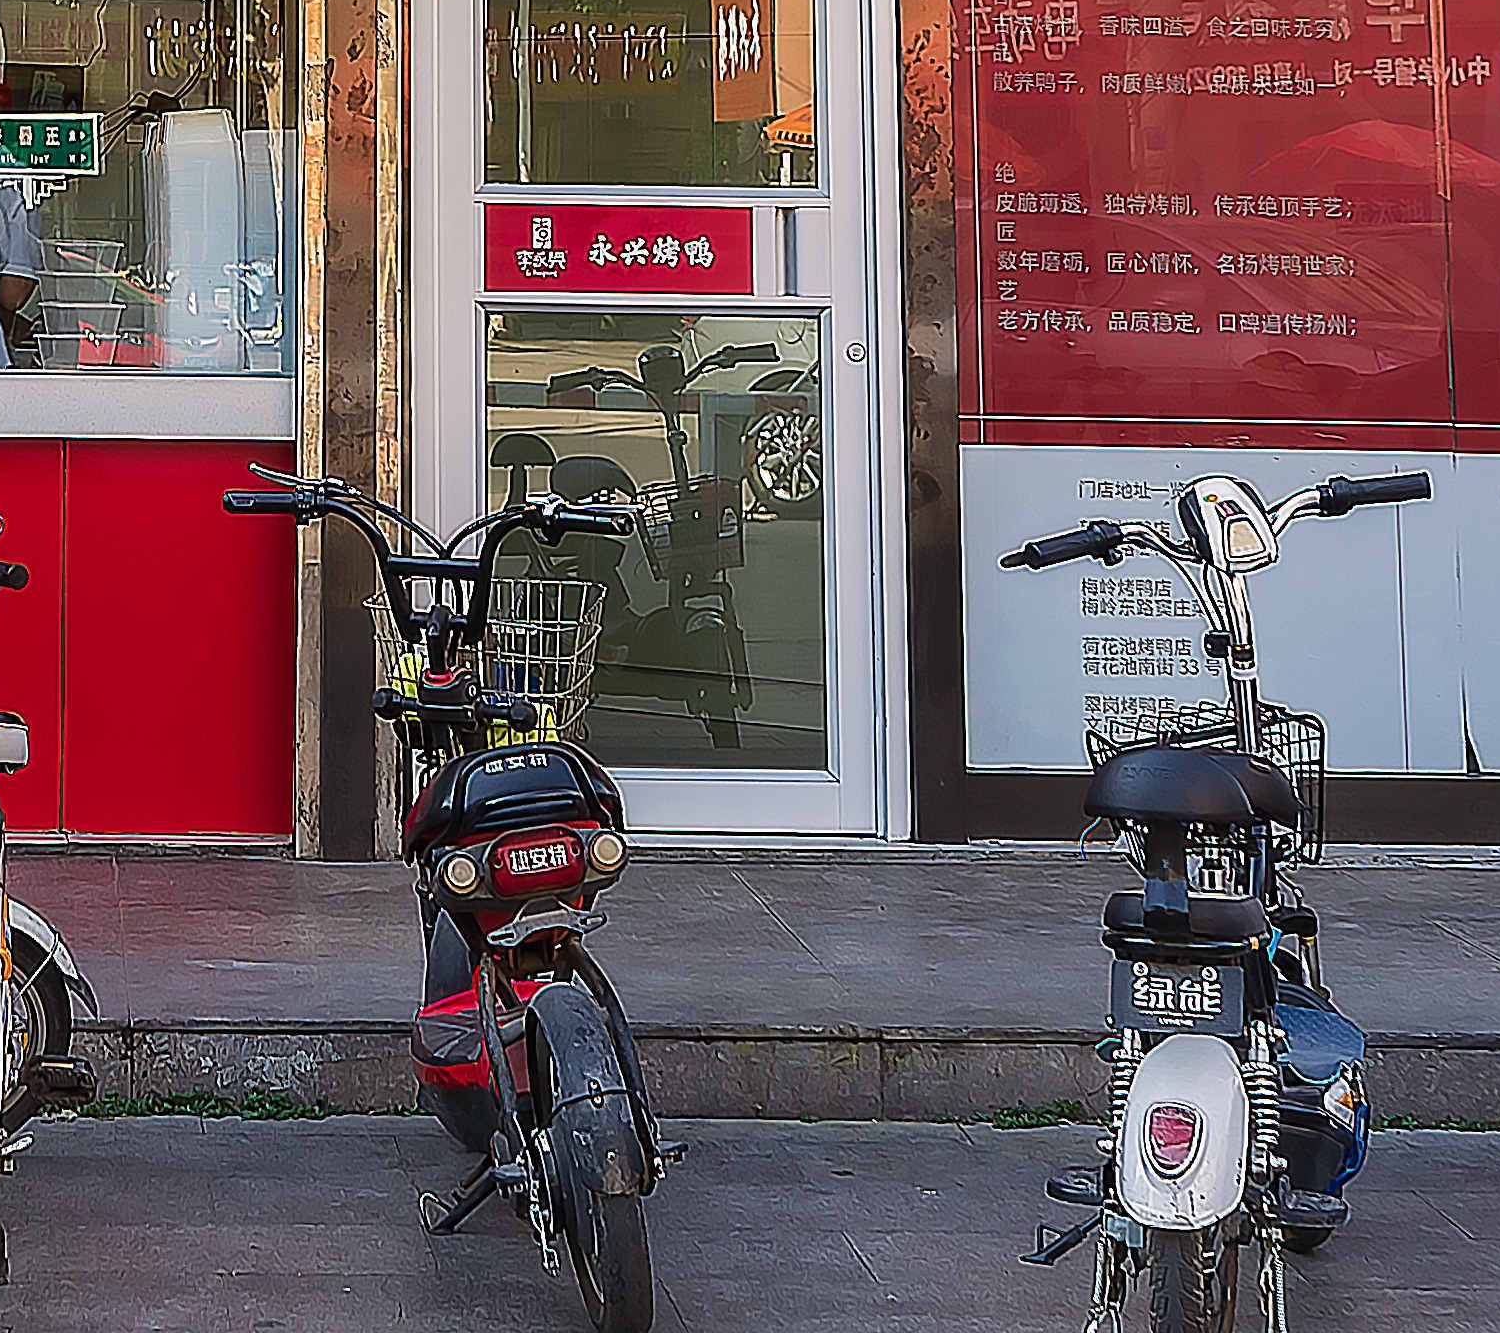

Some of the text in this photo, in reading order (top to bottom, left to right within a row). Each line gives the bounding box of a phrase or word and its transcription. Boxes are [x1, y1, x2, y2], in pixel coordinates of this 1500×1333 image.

[994, 162, 1016, 185] 绝
[996, 221, 1017, 243] 匠
[588, 231, 715, 271] 永兴烤鸭
[997, 279, 1018, 302] 艺
[1081, 577, 1173, 599] 梅岭烤鸭店
[1081, 636, 1193, 657] 荷花池烤鸭店
[1082, 657, 1175, 677] 荷花池南街
[1179, 659, 1200, 676] 33
[1132, 975, 1224, 1014] 绿能

□ □ □ □ □

» EXERCISE
Would you copy all the material exactly, dropping the pictures?

» WRITTEN RESPONSE
Some of the text in this photo, in reading order (top to bottom, left to right within a row). Each line gives the bounding box of a phrase or word and its transcription. Boxes are [x1, y1, x2, y2], in pixel coordinates of this 1500×1333 image.

[994, 162, 1016, 185] 绝
[996, 221, 1017, 243] 匠
[588, 231, 715, 271] 永兴烤鸭
[997, 279, 1018, 302] 艺
[1081, 577, 1173, 599] 梅岭烤鸭店
[1081, 636, 1193, 657] 荷花池烤鸭店
[1082, 657, 1175, 677] 荷花池南街
[1179, 659, 1200, 676] 33
[1132, 975, 1224, 1014] 绿能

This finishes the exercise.